[Problem requirements]: I would like the entries transcribed word for word, please, with the pictures removed.

START Information

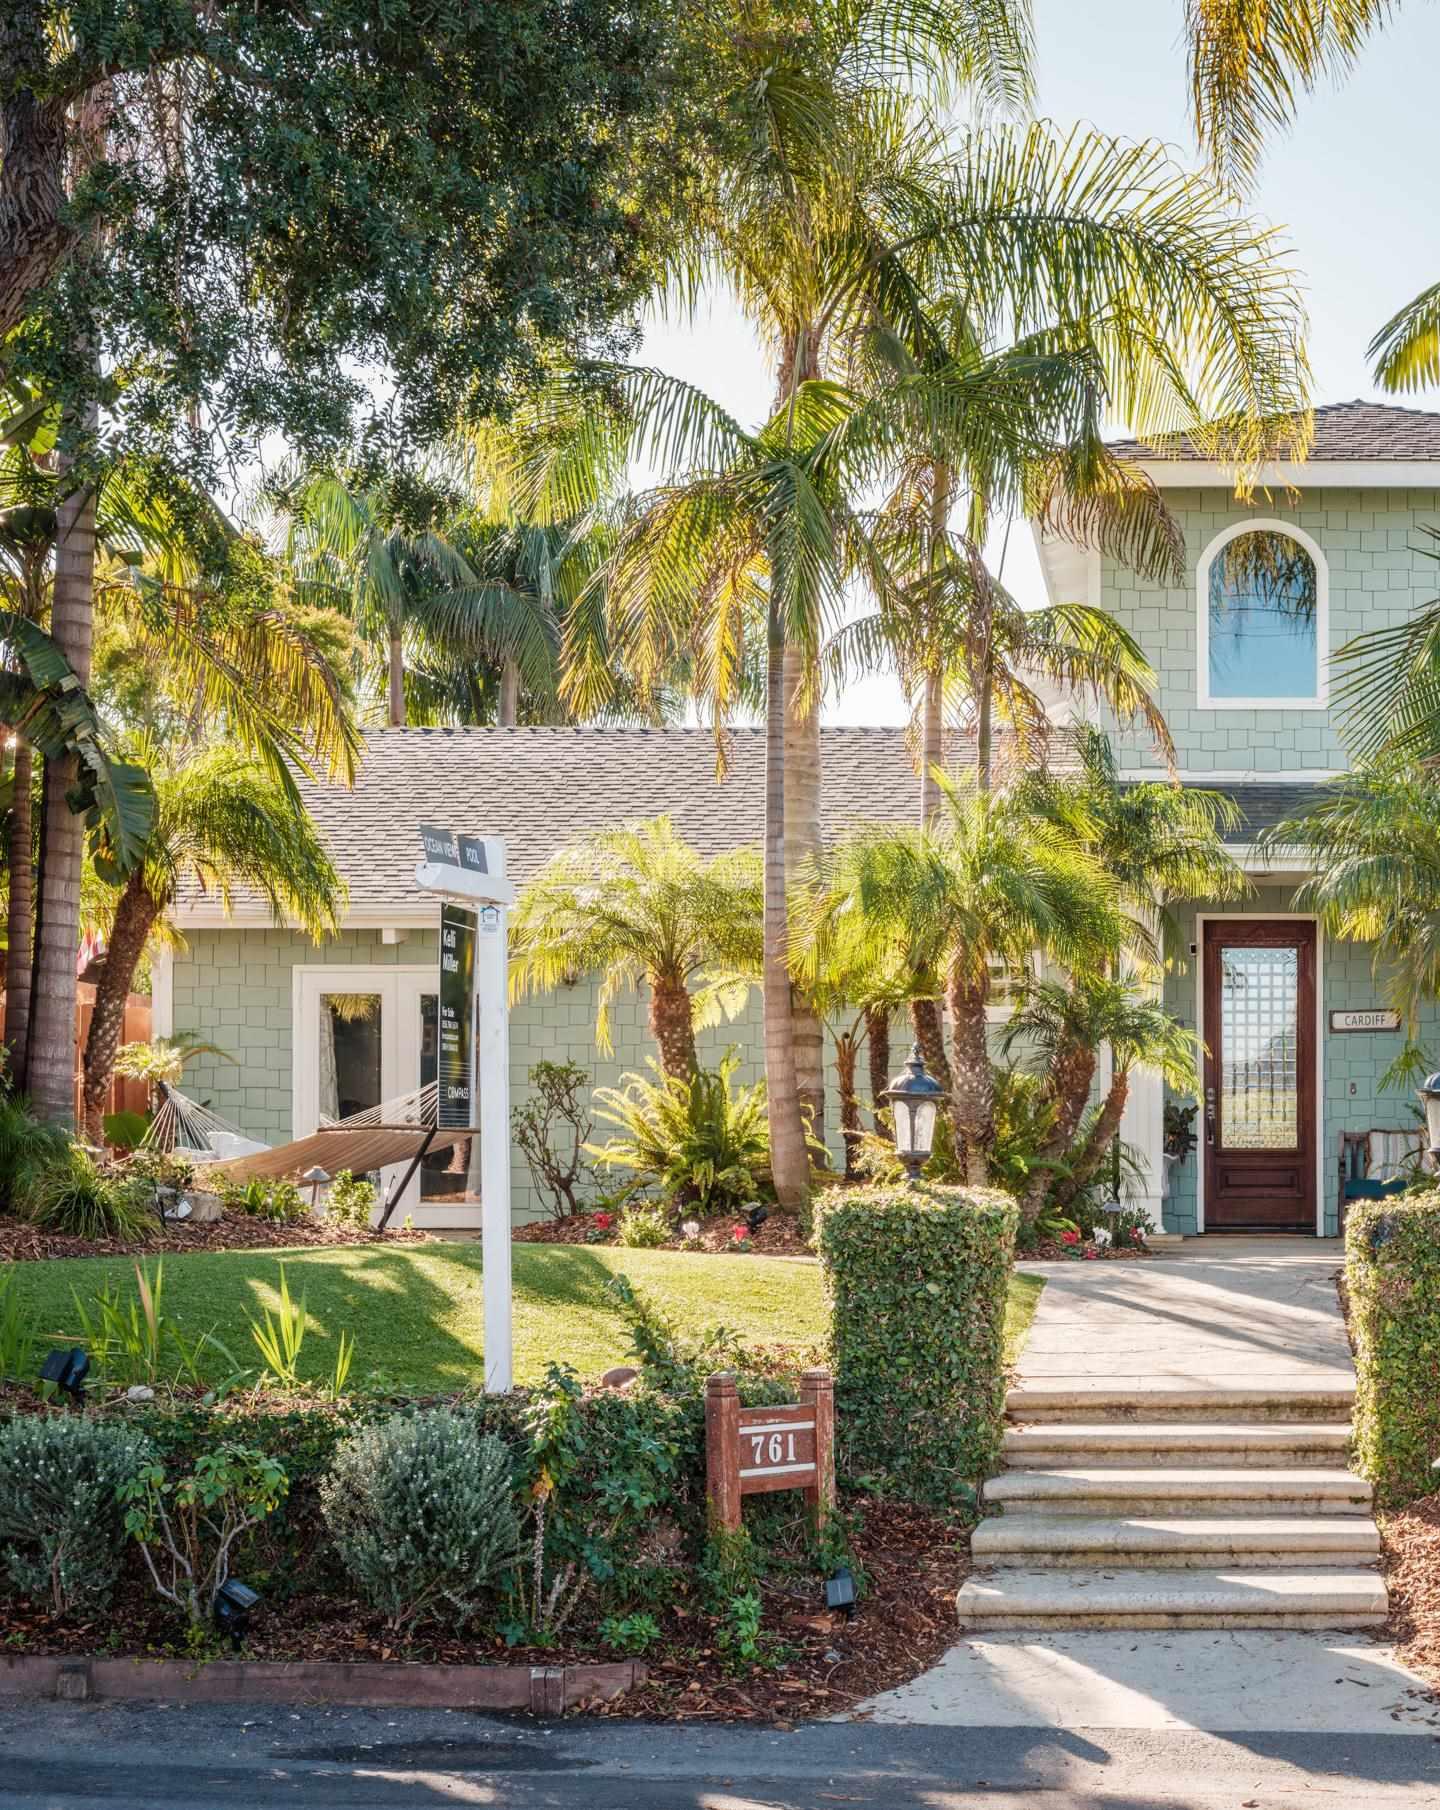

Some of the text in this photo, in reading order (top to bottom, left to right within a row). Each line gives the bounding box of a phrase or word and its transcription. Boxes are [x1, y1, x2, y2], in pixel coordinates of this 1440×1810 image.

[443, 928, 456, 948] Kelli
[443, 952, 459, 973] Miller
[1345, 1015, 1385, 1026] CARDIFF
[448, 1087, 469, 1099] COMPASS
[752, 1433, 796, 1464] 761

END Information

[Finished exercise]:
Some of the text in this photo, in reading order (top to bottom, left to right within a row). Each line gives the bounding box of a phrase or word and its transcription. Boxes are [x1, y1, x2, y2], in pixel coordinates of this 1440×1810 image.

[443, 928, 456, 948] Kelli
[443, 952, 459, 973] Miller
[1345, 1015, 1385, 1026] CARDIFF
[448, 1087, 469, 1099] COMPASS
[752, 1433, 796, 1464] 761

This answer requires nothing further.